▸ Task instructions
Quote all entries exactly, leaving pictures aside.

━━ Data excerpts ━━

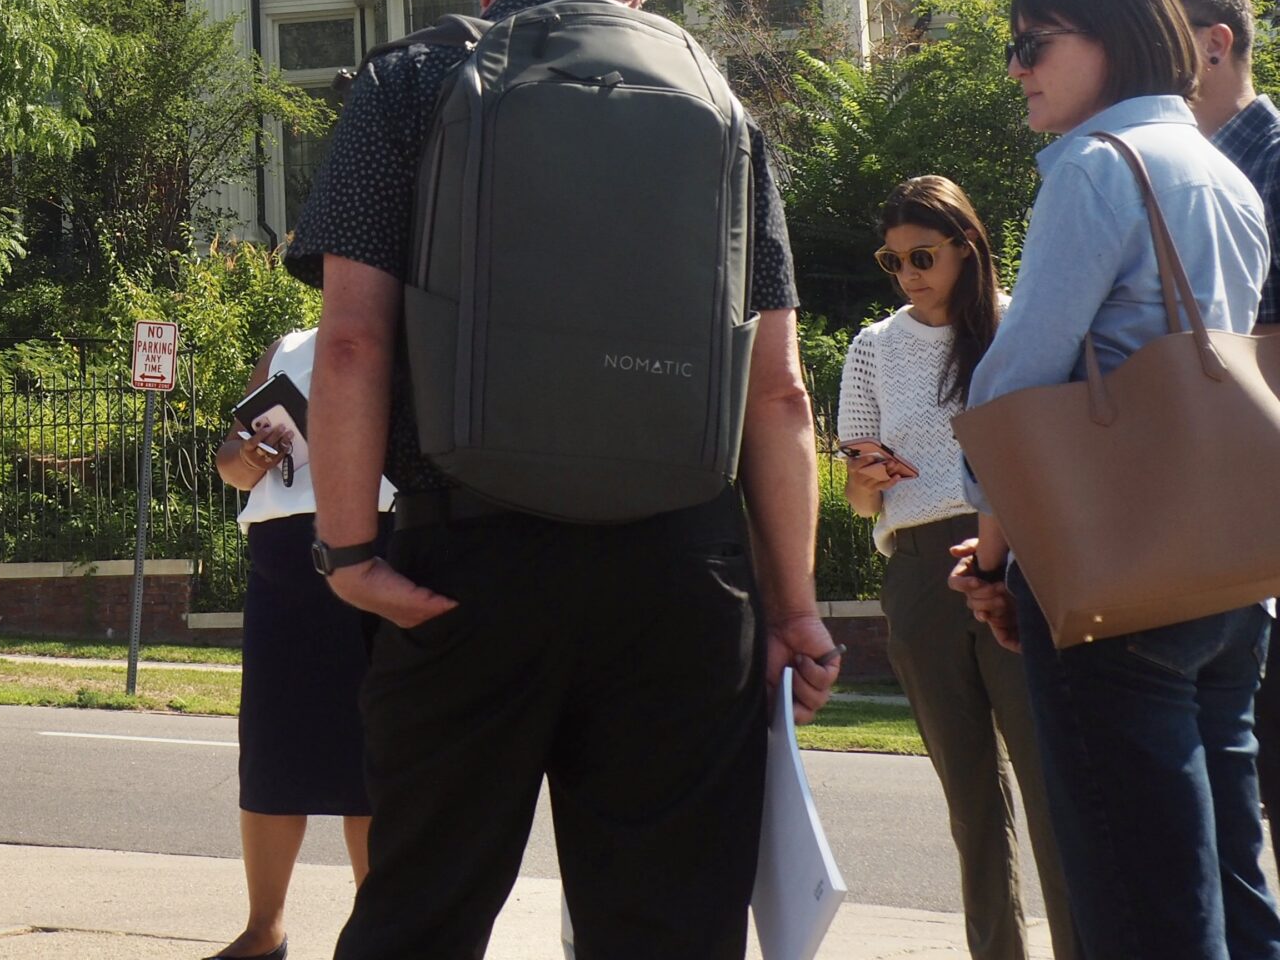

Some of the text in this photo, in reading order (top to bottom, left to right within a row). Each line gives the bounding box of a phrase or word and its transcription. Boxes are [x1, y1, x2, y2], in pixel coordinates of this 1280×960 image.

[148, 326, 163, 338] NO
[137, 340, 172, 355] PARKING
[145, 354, 161, 363] ANY
[144, 364, 162, 373] TIME
[604, 354, 693, 378] NOMATIC
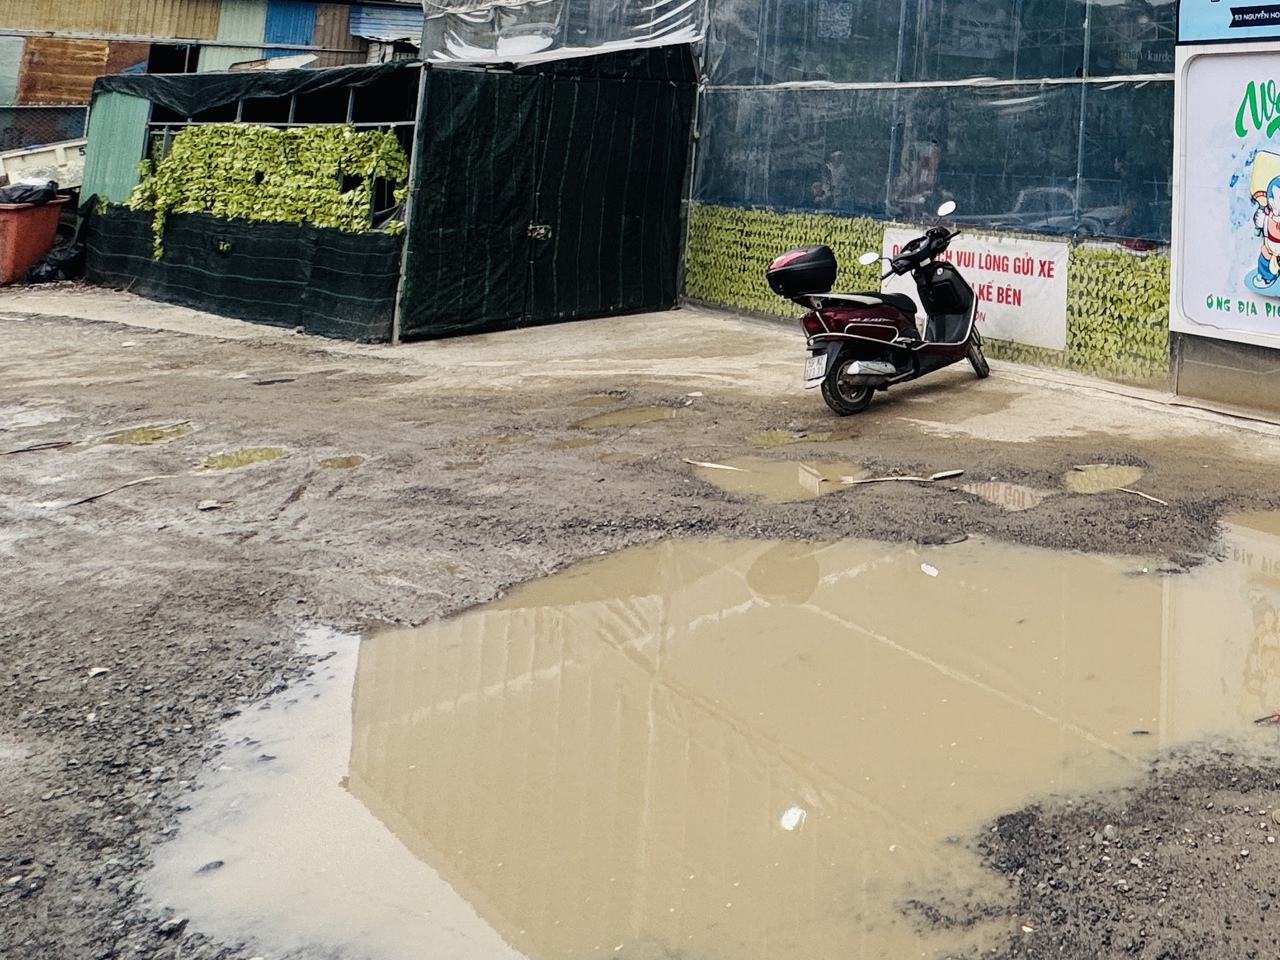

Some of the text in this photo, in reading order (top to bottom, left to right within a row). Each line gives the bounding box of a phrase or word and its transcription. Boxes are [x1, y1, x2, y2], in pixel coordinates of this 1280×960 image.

[956, 250, 975, 268] VUI
[978, 249, 1009, 273] LÒNG
[1013, 252, 1034, 276] GỬI
[1038, 259, 1055, 278] XE
[978, 280, 1022, 306] KẾ BÊN
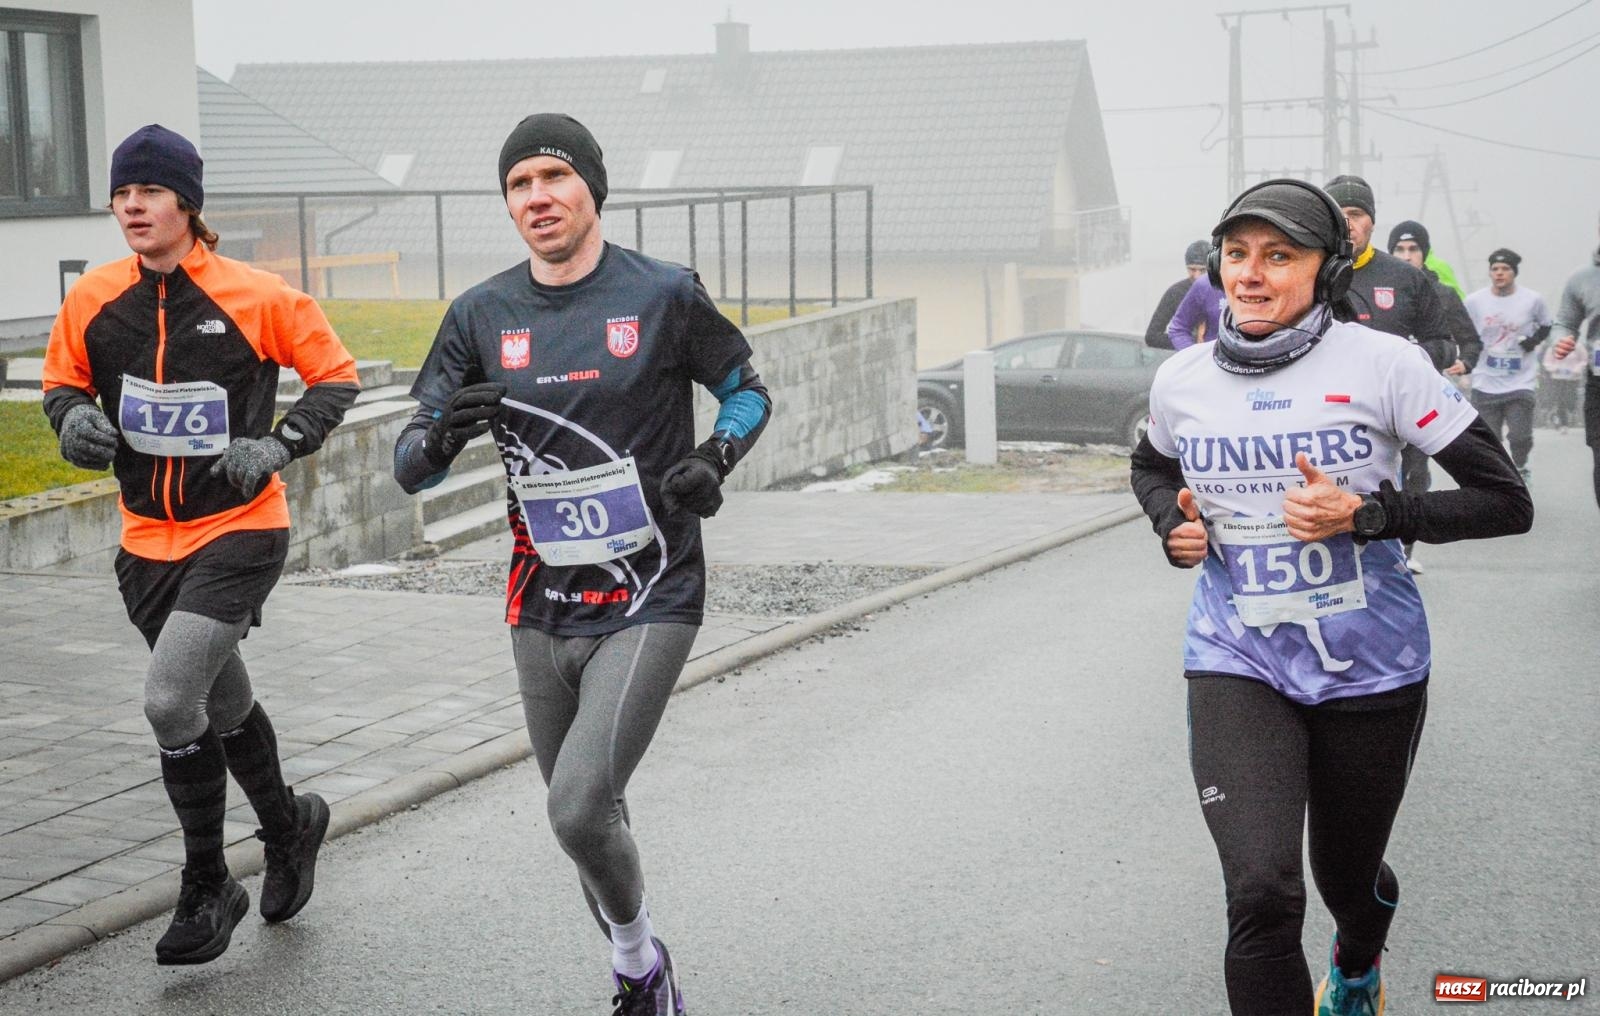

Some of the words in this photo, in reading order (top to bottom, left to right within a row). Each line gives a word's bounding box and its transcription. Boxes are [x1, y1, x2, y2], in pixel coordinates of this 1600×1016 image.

[540, 146, 573, 163] KALENJI
[1496, 357, 1511, 369] 15
[137, 403, 209, 435] 176
[1177, 423, 1373, 472] RUNNERS
[1195, 482, 1286, 494] EKO-OKNA
[555, 498, 610, 538] 30
[1236, 541, 1333, 592] 150

━━━

▸ Task output
Some of the text in this photo, in reading order (top to bottom, left to right within a row). Each line gives the bounding box of a phrase or word and its transcription. Boxes are [x1, y1, x2, y2], in pixel coordinates of this 1280×960 image.

[148, 326, 163, 338] NO
[137, 340, 172, 355] PARKING
[145, 354, 161, 363] ANY
[144, 364, 162, 373] TIME
[604, 354, 693, 378] NOMATIC

Some of the text in this photo, in reading order (top to bottom, left to right within a row). Each line gives the bounding box of a phrase or word and its transcription. Boxes are [x1, y1, x2, y2], in pixel coordinates of this 1280×960 image.

[956, 250, 975, 268] VUI
[978, 249, 1009, 273] LÒNG
[1013, 252, 1034, 276] GỬI
[1038, 259, 1055, 278] XE
[978, 280, 1022, 306] KẾ BÊN

Some of the words in this photo, in reading order (top to bottom, left to right within a row). Each line gives a word's bounding box and its transcription. Boxes are [x1, y1, x2, y2], in pixel coordinates of this 1600×1016 image.

[540, 146, 573, 163] KALENJI
[1496, 357, 1511, 369] 15
[137, 403, 209, 435] 176
[1177, 423, 1373, 472] RUNNERS
[1195, 482, 1286, 494] EKO-OKNA
[555, 498, 610, 538] 30
[1236, 541, 1333, 592] 150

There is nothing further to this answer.